On s’était à l’avance pourléché les babines à l’idée de déguster quelques Clos Vougeot Grand Cru, c’est pas tous les jours.
Les 50 ha 11 a 95 ca en production se vendent comme des petits pains et le Clos légendaire n’a guère la nécessité de communiquer, « y en a pas assez ma bonne dame ». Mais comme les petits pains ou le pain tout court d’ailleurs, la qualité n’est plus ce qu’elle était. Quelle déception ! Une bonne proportion des échantillons se sont tout simplement avérés en-dessous de tout, manquant tour à tour de structure, de maturité ou de fruit, fluets, acides au possible, verts, astringents…
Bref, désillusion totale ! Et également, scandale !
Le prix moyen des bouteilles vendues avoisine les 100€, souvent plus, rarement moins.
On pensait sortir plus d’une page dans le prochain IVV (c’est l’excellentissime revue qui organisait la dégu), mais une page suffira à décrire les 4 flacons qui nous ont offerts ce petit orgasme gustatif qu’on est en droit d’attendre d’une telle appellation.

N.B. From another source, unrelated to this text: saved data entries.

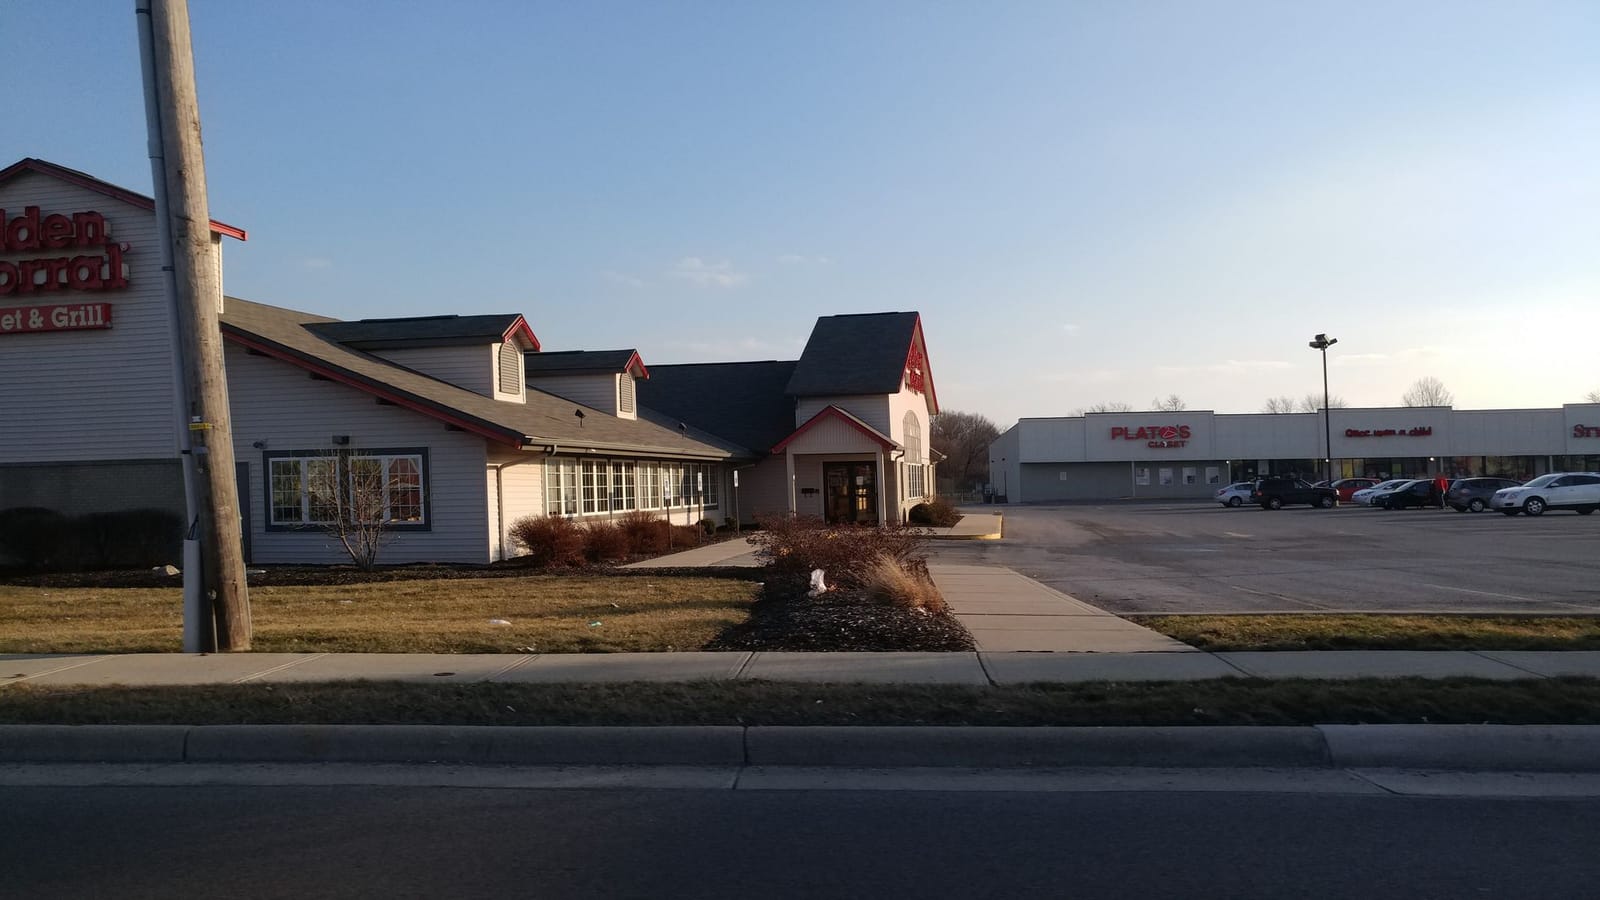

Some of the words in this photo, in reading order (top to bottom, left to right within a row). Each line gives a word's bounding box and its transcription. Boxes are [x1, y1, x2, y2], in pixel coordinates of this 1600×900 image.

[28, 308, 44, 329] &
[51, 305, 104, 327] Grill
[1111, 424, 1191, 440] PLATO'S
[1147, 440, 1185, 448] CLOSET
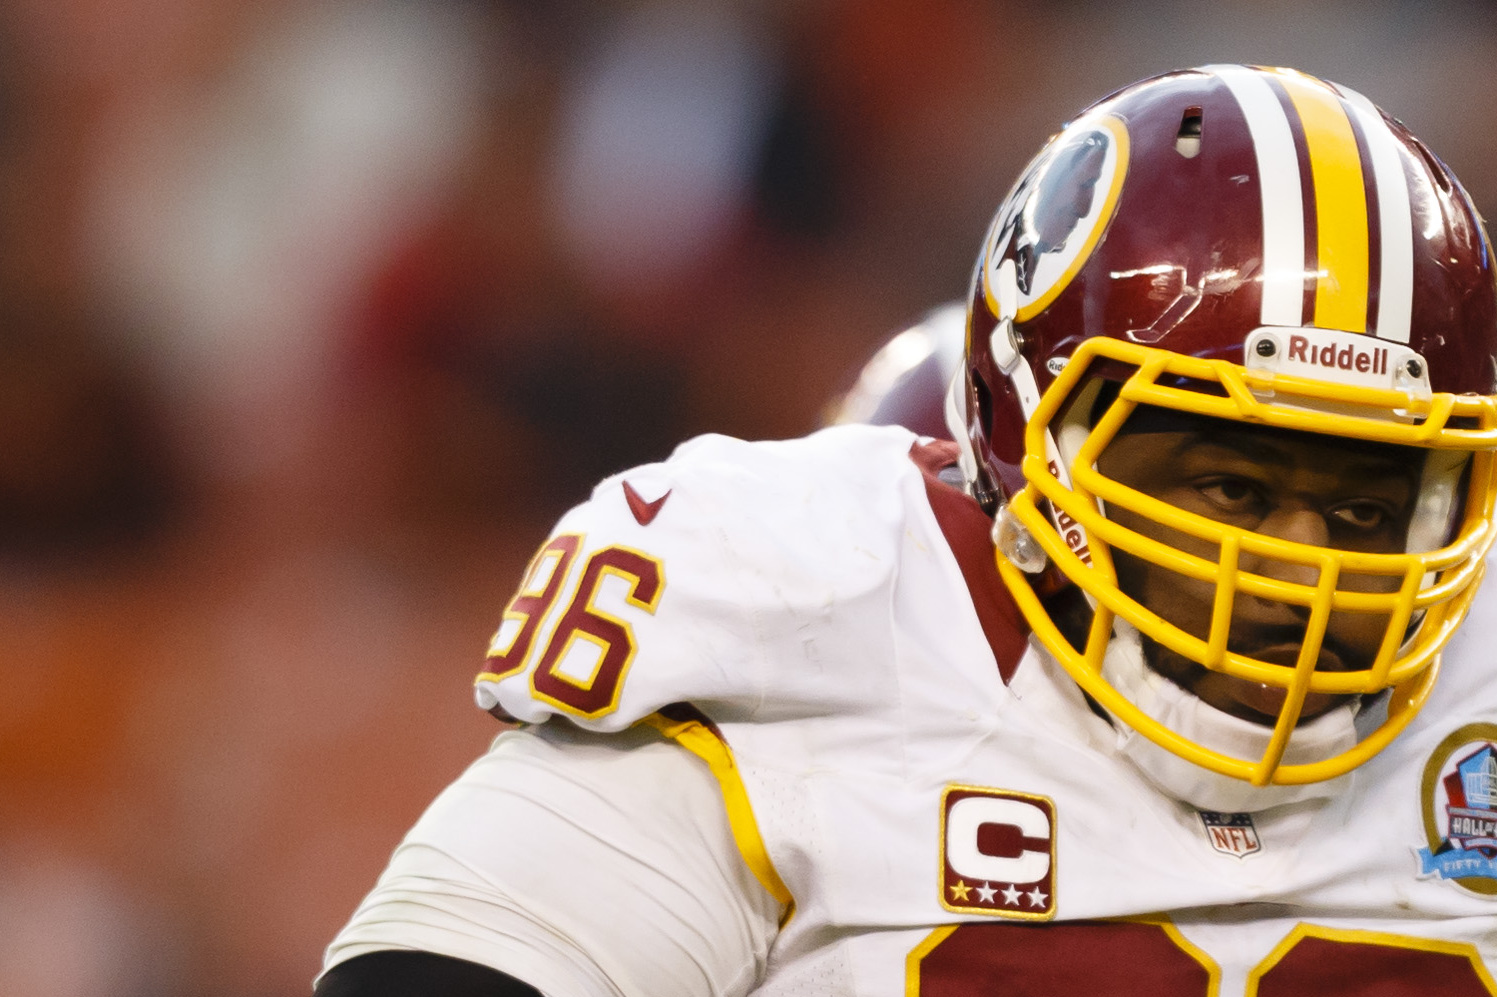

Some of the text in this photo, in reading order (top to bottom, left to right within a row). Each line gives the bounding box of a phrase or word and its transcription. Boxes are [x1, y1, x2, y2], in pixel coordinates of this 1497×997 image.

N’en déplaise aux moines de Cîteaux qui réalisèrent le clos en 1110. Et qui demandera plus de 2 siècles pour adopter sa forme actuelle. Exposé Est et Sud-Est à une altitude de 250 mètres, il plante ses Pinots Noirs dans un sol peu profond (environ 40 cm) composé d’éclats calcaire à faible matrice argileuse sur dalle calcaire du Bajocien.
Sa renommée rend ses vins presque intouchables, voici donc les quatre qui valent, sinon leur prix, du moins leur renommée…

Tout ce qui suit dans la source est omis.